The MLW Azteca/The Crash Show, also known as the MLW Azteca • The Crash Super Card, was a professional wrestling supercard event co-produced by the U.S-based Major League Wrestling (MLW) and Mexico-based The Crash Lucha Libre (The Crash), which was held in The Crash's home arena, Auditorio Fausto Gutierrez Moreno in Tijuana, Baja California, Mexico on December 3, 2021. It was the second event to be co-produced by the two promotions following The Crash/Major League Wrestling show in 2019.
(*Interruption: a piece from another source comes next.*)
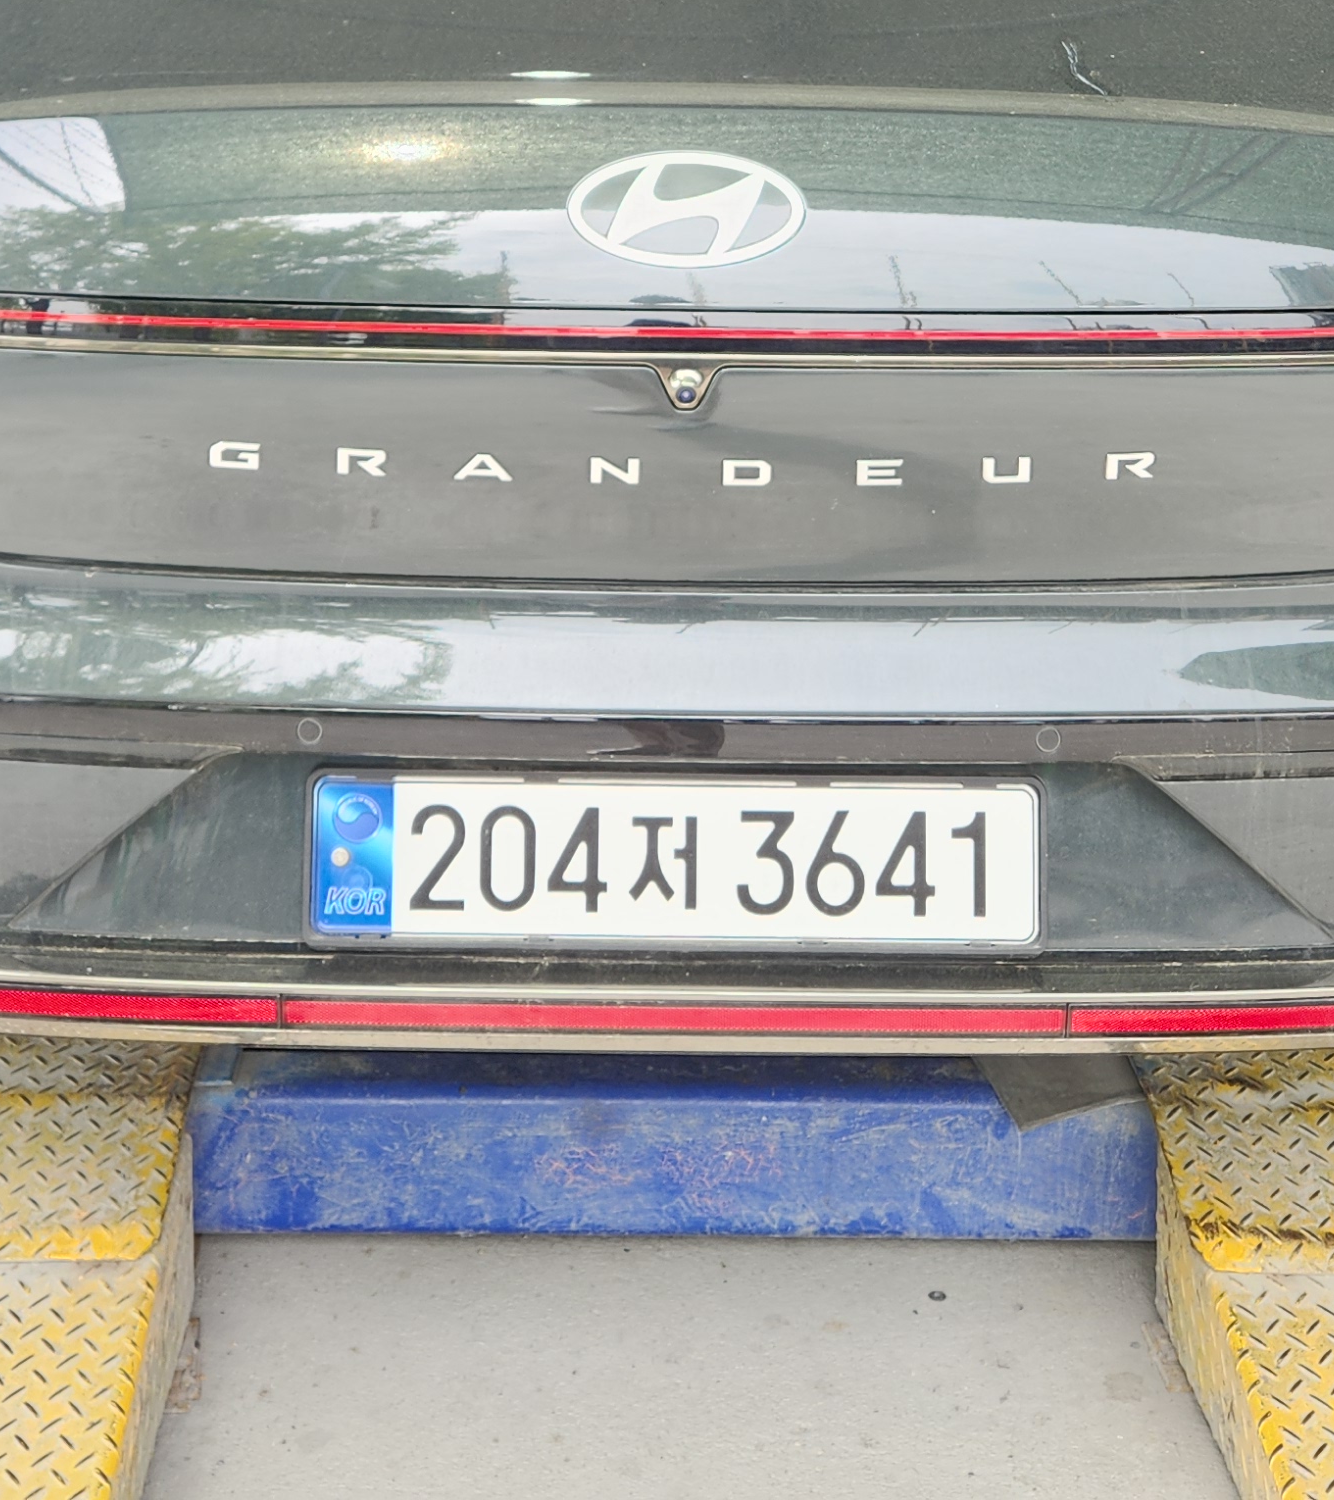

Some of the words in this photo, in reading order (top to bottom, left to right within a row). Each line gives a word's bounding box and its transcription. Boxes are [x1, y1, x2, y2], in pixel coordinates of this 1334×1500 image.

The event was taped for the mini-series, MLW Azteca, which premiered on January 6, 2022.

Production

Background
In October 2020, MLW would began incorporating story elements from the defunct Lucha Libre promotion and former television drama, Lucha Underground. Talent formerly associated with Lucha Underground were brought into MLW as part of the "Azteca Underground" stable.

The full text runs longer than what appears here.